Co-authored-by: copilot-swe-agent[bot] <198982749+Copilot@users.noreply.github.com>

.github/workflows/memory-safety-report.md

@@ -1,7 +1,7 @@
 ---
 description: >
   Analyze ASan/UBSan sanitizer logs from the memory-safety workflow
-  and post findings as a GitHub Discussion.
+  and file findings as a GitHub issue.
 
 on:
   workflow_run:
@@ -16,7 +16,6 @@ timeout-minutes: 30
 permissions:
   actions: read
   contents: read
-  discussions: read
   issues: read
   pull-requests: read
 
@@ -35,11 +34,10 @@ safe-outputs:
   mentions: false
   allowed-github-references: []
   max-bot-mentions: 1
-  create-discussion:
+  create-issue:
     title-prefix: "[Memory Safety] "
-    category: "Agentic Workflows"
-    close-older-discussions: true
-    expires: 7d
+    labels: [bug, memory-safety, automated-analysis]
+    max: 1
   missing-tool:
     create-issue: true
   noop:
@@ -111,9 +109,9 @@ Check cache memory for previous run results:
 - List of previously known issues
 - Identify new findings (regressions) vs. resolved findings (improvements)
 
-### 4. Generate the Discussion Report
+### 4. Generate the Issue Report
 
-Create a GitHub Discussion. Use `###` or lower for section headers, never `##` or `#`. Wrap verbose sections in `<details>` tags to keep the report scannable.
+Create a GitHub issue using `create-issue`. Use `##` or lower for section headers and wrap verbose sections in `<details>` tags to keep the report scannable.
 
 ```markdown
 **Date**: YYYY-MM-DD
@@ -190,7 +188,7 @@ Create a GitHub Discussion. Use `###` or lower for section headers, never `##` o
 </details>
 ```
 
-If zero findings across all tools, create a discussion noting a clean run with the commit and workflow run link.
+If zero findings across all tools, call `noop` and include a clean-run summary (commit and workflow run link) in the no-op message.
 
 ### 5. Update Cache Memory
 
@@ -203,7 +201,7 @@ Store the current run's results in cache memory for future comparison:
 
 - If the triggering workflow failed entirely, report that analysis could not complete and include any partial results.

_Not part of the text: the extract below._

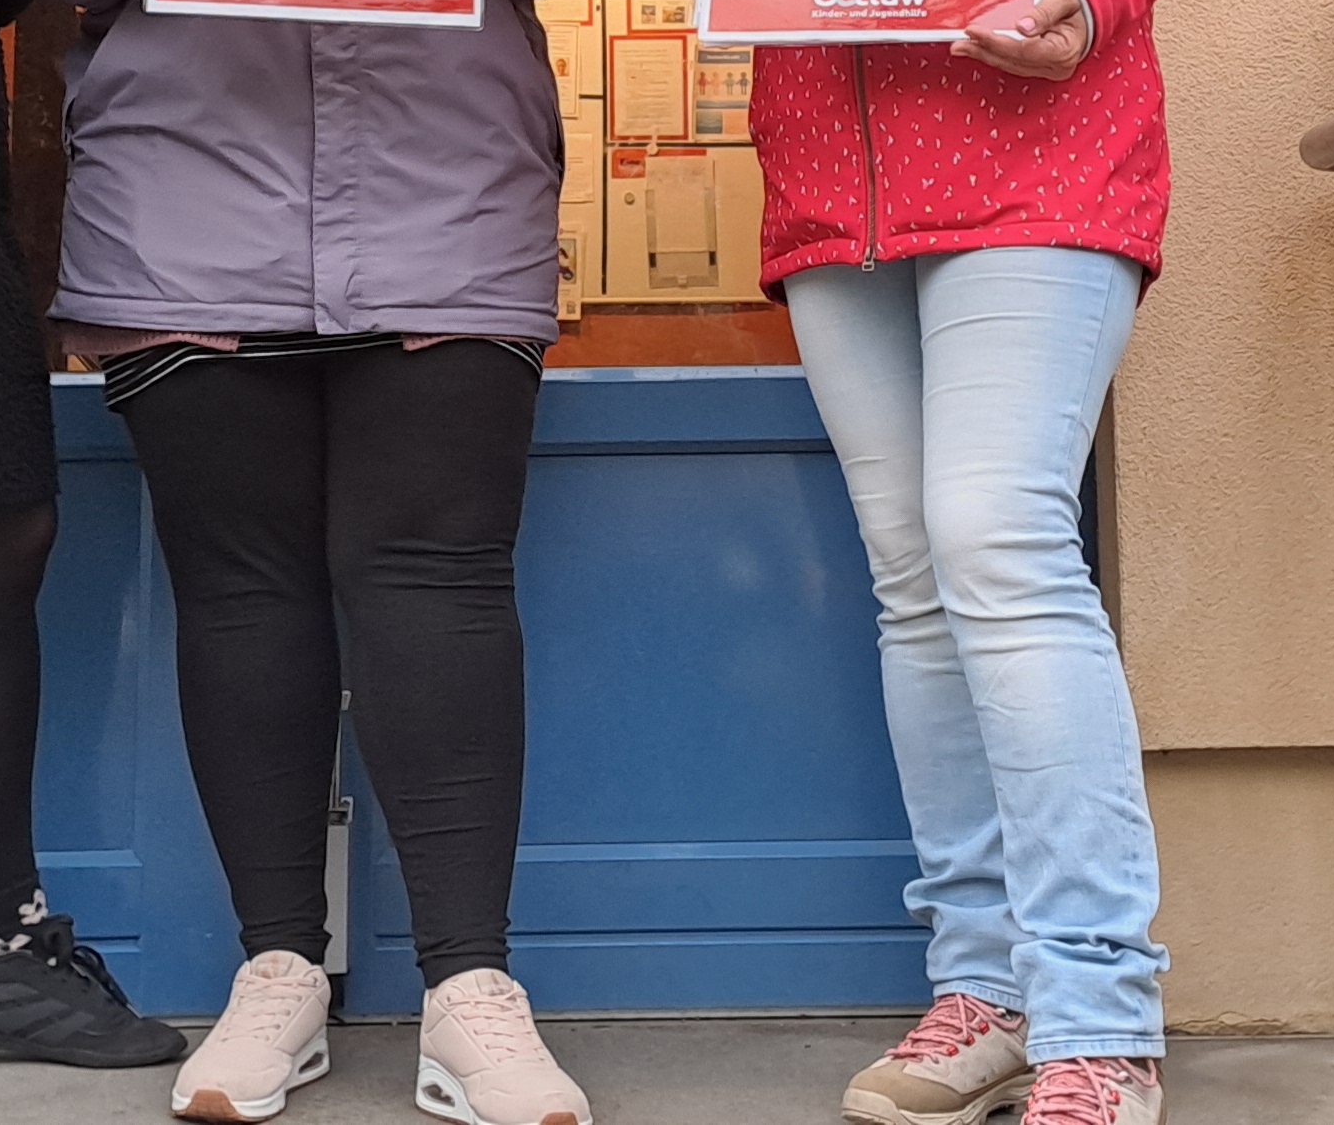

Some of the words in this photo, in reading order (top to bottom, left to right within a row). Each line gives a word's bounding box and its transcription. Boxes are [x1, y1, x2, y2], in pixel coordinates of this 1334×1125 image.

[811, 9, 848, 18] Kinder-
[849, 9, 867, 18] und
[869, 8, 928, 19] Jugendhilfe

 - If no artifacts are available, report that and suggest running the workflow manually.
-- If the helper scripts fail, report the error in the discussion body and stop.

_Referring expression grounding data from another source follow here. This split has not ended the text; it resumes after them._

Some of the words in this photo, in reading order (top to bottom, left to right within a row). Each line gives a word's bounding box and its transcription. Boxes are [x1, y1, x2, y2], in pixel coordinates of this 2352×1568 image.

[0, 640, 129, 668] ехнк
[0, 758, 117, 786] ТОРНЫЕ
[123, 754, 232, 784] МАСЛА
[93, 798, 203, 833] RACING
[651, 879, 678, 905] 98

+- If the helper scripts fail, report the error in the issue body and stop.
 
 ## Guidelines
 
@@ -217,6 +215,6 @@ Store the current run's results in cache memory for future comparison:
 
 - DO NOT create pull requests or modify source files.

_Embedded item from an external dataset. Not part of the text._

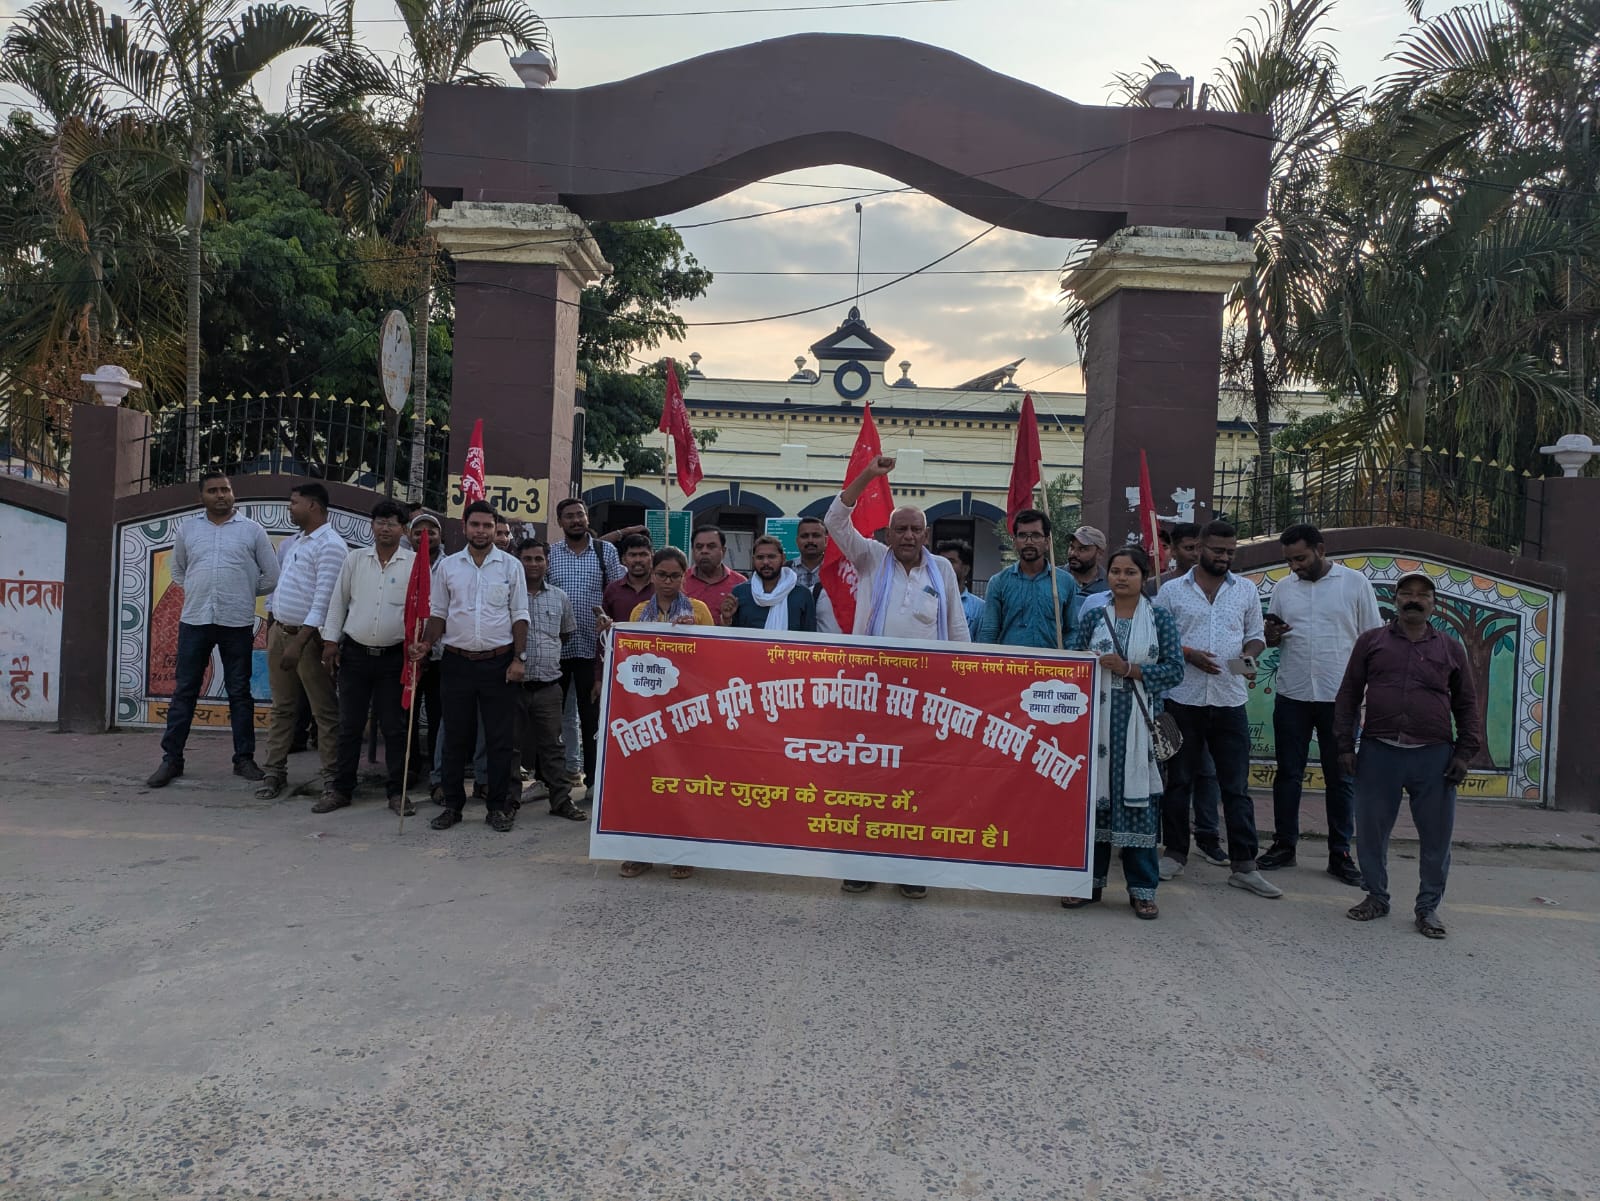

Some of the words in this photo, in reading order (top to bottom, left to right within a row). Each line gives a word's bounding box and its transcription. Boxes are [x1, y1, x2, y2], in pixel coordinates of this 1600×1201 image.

 - DO NOT attempt to fix the findings automatically.
-- DO close older Memory Safety discussions automatically (configured via `close-older-discussions: true`).
+- DO create issues only when there are actionable findings; use `noop` for clean runs.
 - DO always report the commit SHA so findings can be correlated with specific code versions.
 - DO use cache memory to track trends over multiple runs.